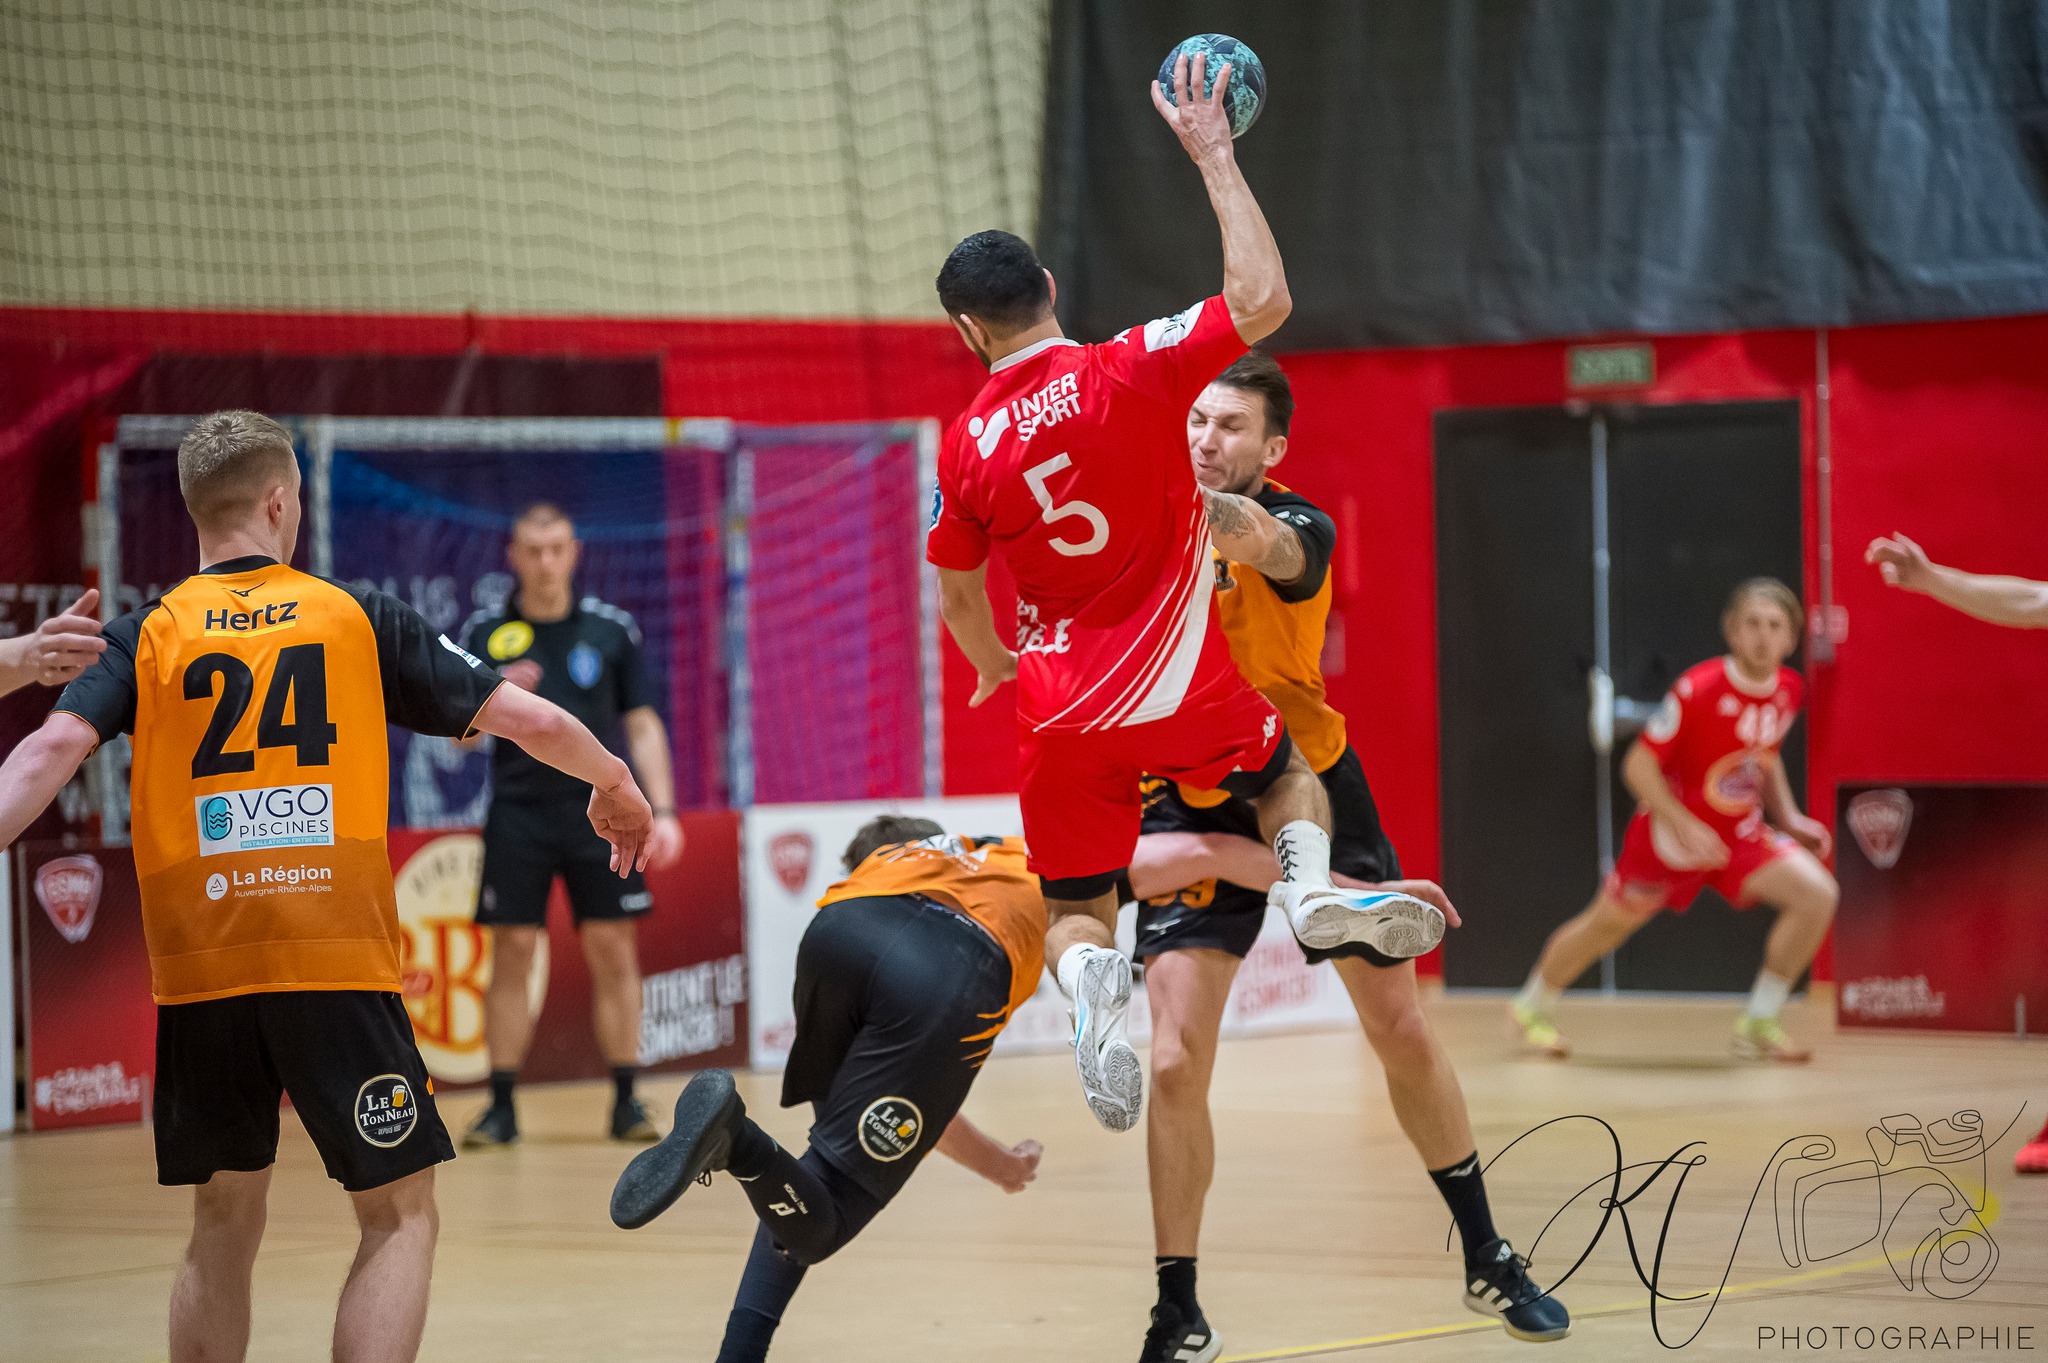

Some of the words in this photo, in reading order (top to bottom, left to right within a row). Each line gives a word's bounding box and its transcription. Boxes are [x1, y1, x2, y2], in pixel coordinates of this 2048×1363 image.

[1011, 372, 1078, 422] INTER
[1017, 392, 1081, 442] SPORT
[1022, 451, 1110, 558] 5
[205, 601, 299, 631] Hertz
[183, 643, 338, 780] 24
[238, 786, 329, 820] VGO
[240, 819, 329, 838] PISCINES
[233, 870, 256, 886] La
[260, 864, 332, 885] Région
[234, 884, 332, 898] Auvergne-Rhône-Alpes

- **Instructions for the task**
Please reproduce the listing exactly, leaving out any pictures.

- **Response to the exercise**
Some of the words in this photo, in reading order (top to bottom, left to right within a row). Each line gives a word's bounding box and its transcription. Boxes are [x1, y1, x2, y2], in pixel coordinates of this 2048×1363 image.

[1011, 372, 1078, 422] INTER
[1017, 392, 1081, 442] SPORT
[1022, 451, 1110, 558] 5
[205, 601, 299, 631] Hertz
[183, 643, 338, 780] 24
[238, 786, 329, 820] VGO
[240, 819, 329, 838] PISCINES
[233, 870, 256, 886] La
[260, 864, 332, 885] Région
[234, 884, 332, 898] Auvergne-Rhône-Alpes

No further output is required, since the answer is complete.